Why we built Invoicr as a FreshBooks alternative for UK tradespeople
I was on a call with a plumber in Manchester last spring when he asked me a question that wouldn't leave my head. He'd just paid £12.50 in card processing fees on a £500 job. I asked him what he was using to invoice. FreshBooks, he said. And that's when it hit me: we were building Invoicr partly because of moments exactly like that one.
The fee problem nobody talks about
FreshBooks is a solid product. The interface is clean. It does what it promises. But here's the thing about FreshBooks for UK sole traders: every time a client pays you by card, you're handing over roughly 2.5 per cent of the invoice value to a payment processor. On a £500 invoice, that's £12.50. On a £1,000 invoice, it's £25.
When you're a plumber, electrician, or gardener working from your van, those fees add up fast. Over the course of a year, a busy tradesperson might lose hundreds of pounds to card processing alone.
We started Invoicr because we wanted to offer UK freelancers a different path. Instead of card payments, we use UK open banking. Your client logs into their bank, authorises a one-time payment, and the money goes directly from their account to yours. No middleman. No card processor. On that same £500 invoice, you pay around £4.
The difference isn't theoretical. It's real money in your pocket at the end of the month.

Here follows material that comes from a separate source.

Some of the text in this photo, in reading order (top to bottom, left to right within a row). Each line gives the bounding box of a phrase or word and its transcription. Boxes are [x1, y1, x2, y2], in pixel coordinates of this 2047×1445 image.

Built for the way British tradespeople actually work
FreshBooks is American software trying to serve a global market. That means it's built around features that matter in the US but add friction for UK users. Invoicr was built the other way: we started with what UK sole traders actually need.

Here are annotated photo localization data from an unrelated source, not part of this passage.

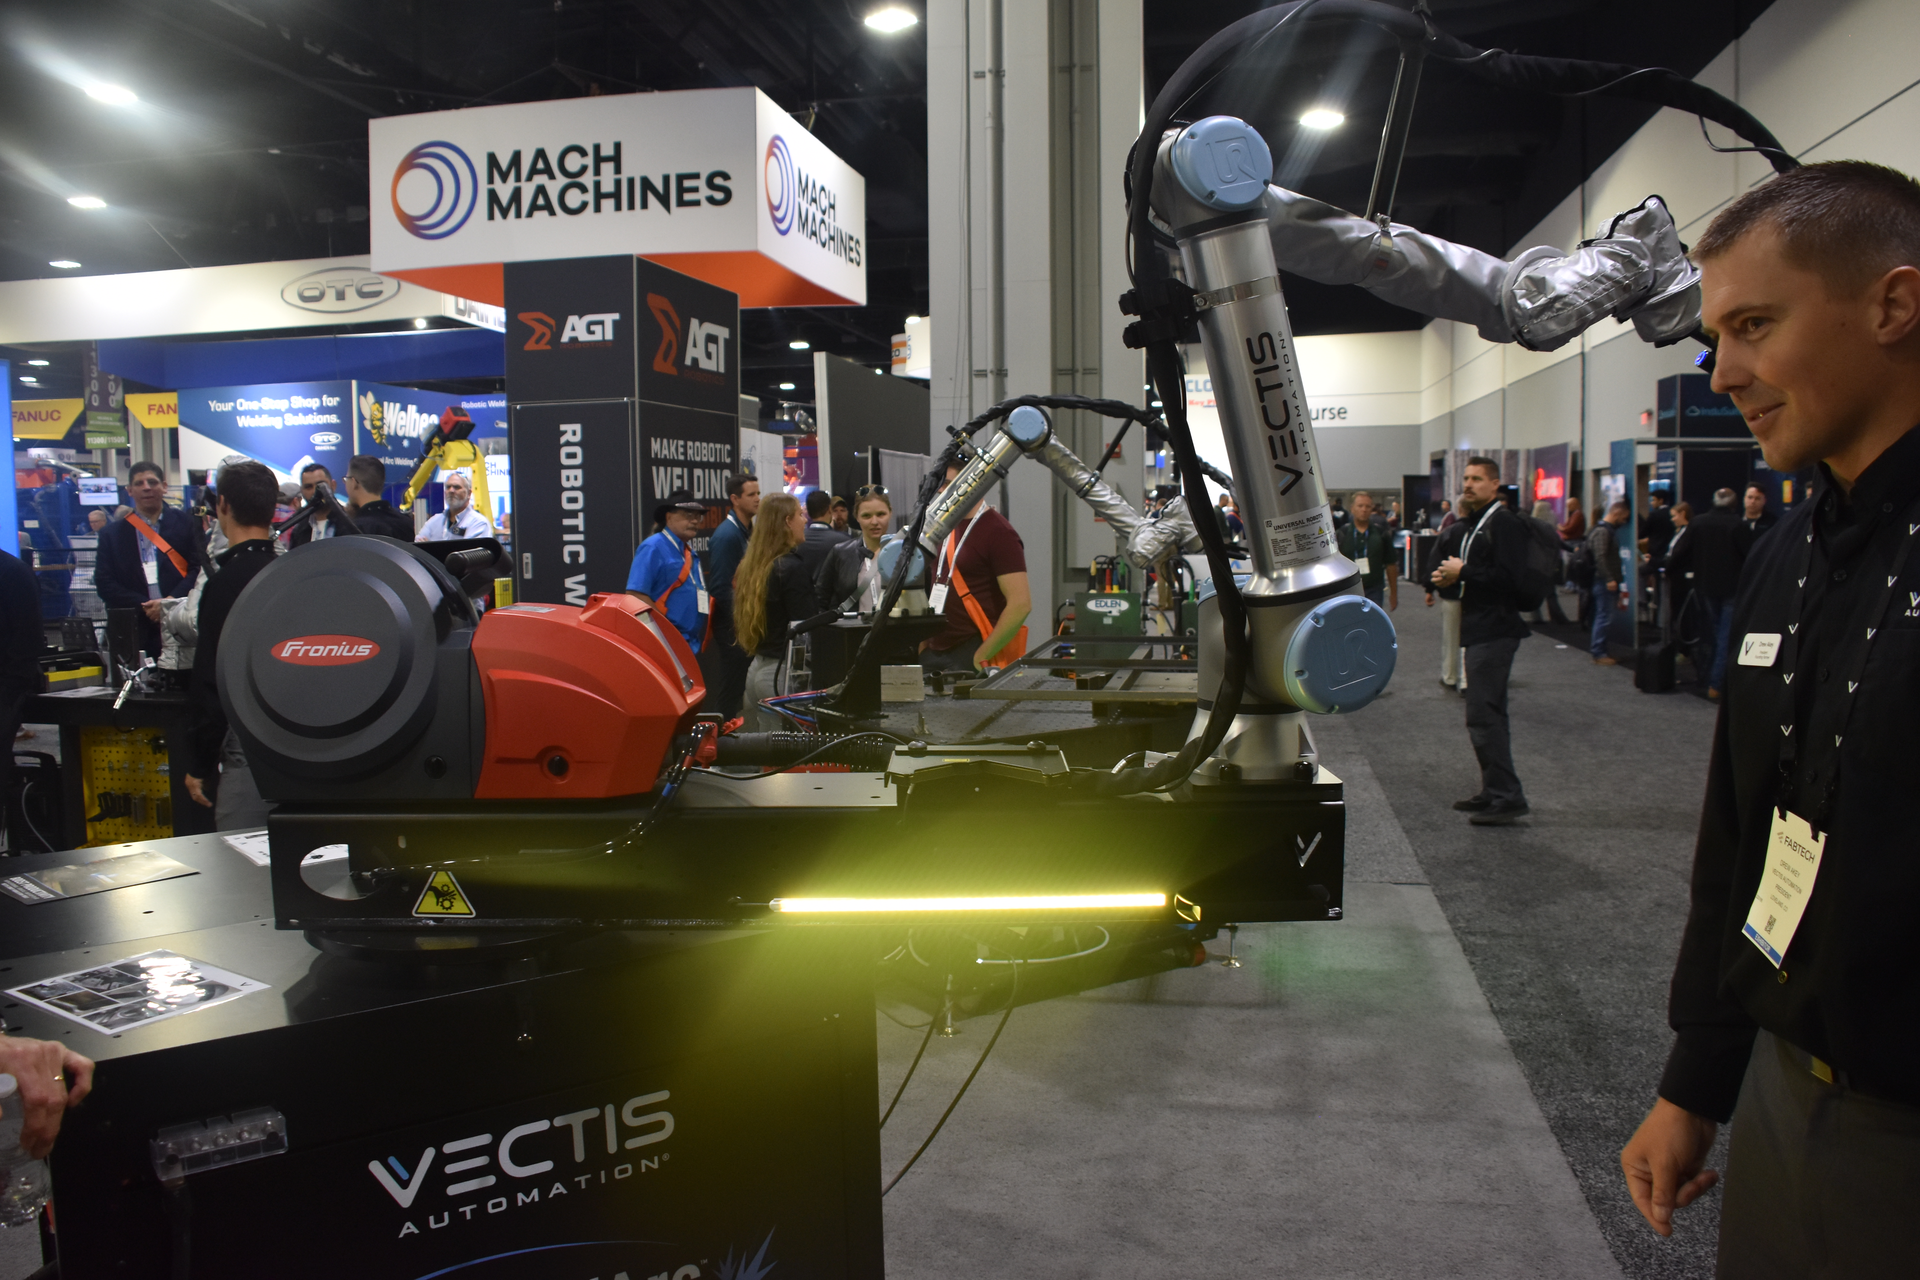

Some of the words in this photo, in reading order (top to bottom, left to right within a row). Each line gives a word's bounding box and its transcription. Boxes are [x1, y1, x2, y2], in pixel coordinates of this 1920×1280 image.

[486, 141, 622, 185] MACH
[486, 170, 733, 221] MACHINES
[798, 166, 836, 223] MACH
[798, 200, 861, 267] MACHINES
[297, 277, 384, 303] OTC
[560, 312, 620, 343] AGT
[560, 341, 613, 350] ROBOTICS
[684, 317, 730, 374] AGT
[684, 370, 725, 386] ROBOTICS
[208, 400, 235, 412] Your
[236, 397, 289, 412] One-Stop
[290, 395, 320, 410] Shop
[322, 394, 340, 407] for
[461, 400, 487, 409] Robotic
[1246, 331, 1303, 496] VECTIS
[236, 413, 283, 429] Welding
[283, 412, 340, 426] Solutions.
[650, 437, 685, 460] MAKE
[686, 440, 732, 463] ROBOTIC
[559, 423, 585, 565] ROBOTIC
[1273, 519, 1306, 531] UNIVERSAL
[1305, 512, 1324, 523] ROBOTS
[1094, 600, 1122, 608] EDLEN
[281, 641, 373, 657] Fronius
[1783, 835, 1816, 864] FABTECH
[368, 1090, 675, 1208] VECTIS

That means VAT. It means CIS deductions for construction workers. It means WhatsApp delivery on invoices because most of your clients won't check email but they'll see a WhatsApp message instantly. It means a mobile app that works properly from a phone, because you're not always at a desk.
When we launched, we made sure the Free tier wasn't just a teaser. Five invoices a month and three customers is enough for someone to see if the tool fits their workflow before paying anything. We've had sole traders stay on the Free plan for months because it genuinely covers their needs. That felt right to us.
The Pro plan adds unlimited invoices, automated payment reminders, quotes, and WhatsApp delivery for £9.99 a month. The Business tier brings team seats, accountant export, and full VAT/CIS compliance for £19.99 a month. We're not trying to force you up a pricing ladder.
The client portal question we got wrong at first
Early on, we built the client portal to be simple. Maybe too simple. Clients got a unique link, they could see their invoice, they could click to pay. We thought that was enough.
Then a decorator in Birmingham sent us a message. He was handing the portal link to a site manager on a big job, and the manager wanted to send the link to the site office without giving away the payment details. We'd made it all one link.
We fixed it. Now the portal uses portalSecret authentication. Your client gets a secure link. You control who sees what. It's a small thing, but it's the kind of detail that matters when you're running a real business from your phone.
That's the difference between software built for freelancers and software built to capture market share. We're still small. We listen. When someone finds a problem, we fix it.
Why card payments aren't the whole story
Some people ask: couldn't FreshBooks just add bank transfer payments and solve this? Technically, yes. But FreshBooks makes money from their payment processing partnership. Bank transfers don't fit their business model. For us, it's the opposite. We make money from subscriptions. Cheaper payments for you mean you're more likely to use us and stay.
That's not virtue. That's just alignment. Our incentives point toward saving you money.
We're also UK-only, which some people see as a limitation. We see it as focus. We don't have to build for US tax codes or Australian GST or Canadian payroll. We can make VAT and CIS perfect instead of making everything mediocre.
The other thing: we're built for speed. The app is native iOS. It's not a web wrapper. It loads fast. It doesn't drain your battery. You're invoicing from your phone between jobs, not syncing data in the background for five minutes.
What we're not trying to be
We're not trying to be QuickBooks. We're not trying to replace your accountant. We're not trying to chase debts or set up payment plans or build complicated approval workflows for enterprise teams. That's not who we are.
We're trying to be the invoicing tool that gets out of your way. You create an invoice in two minutes. Your client pays within a week. You move on. The money lands in your account with minimal friction.
If you need serious accounting software, use Invoicr for invoicing and export your data to your accountant. The Business plan includes accountant export specifically for that reason. We're part of your workflow, not the whole thing.
Some people will choose FreshBooks and be happy. It's a mature product with solid integrations. But if you're a UK sole trader tired of handing over £12.50 every time you invoice, or if you want software built around the way you actually work rather than how a US company imagines you work, Invoicr was built for you.
How much are you currently losing to payment processing fees? If you've never added it up, it might surprise you.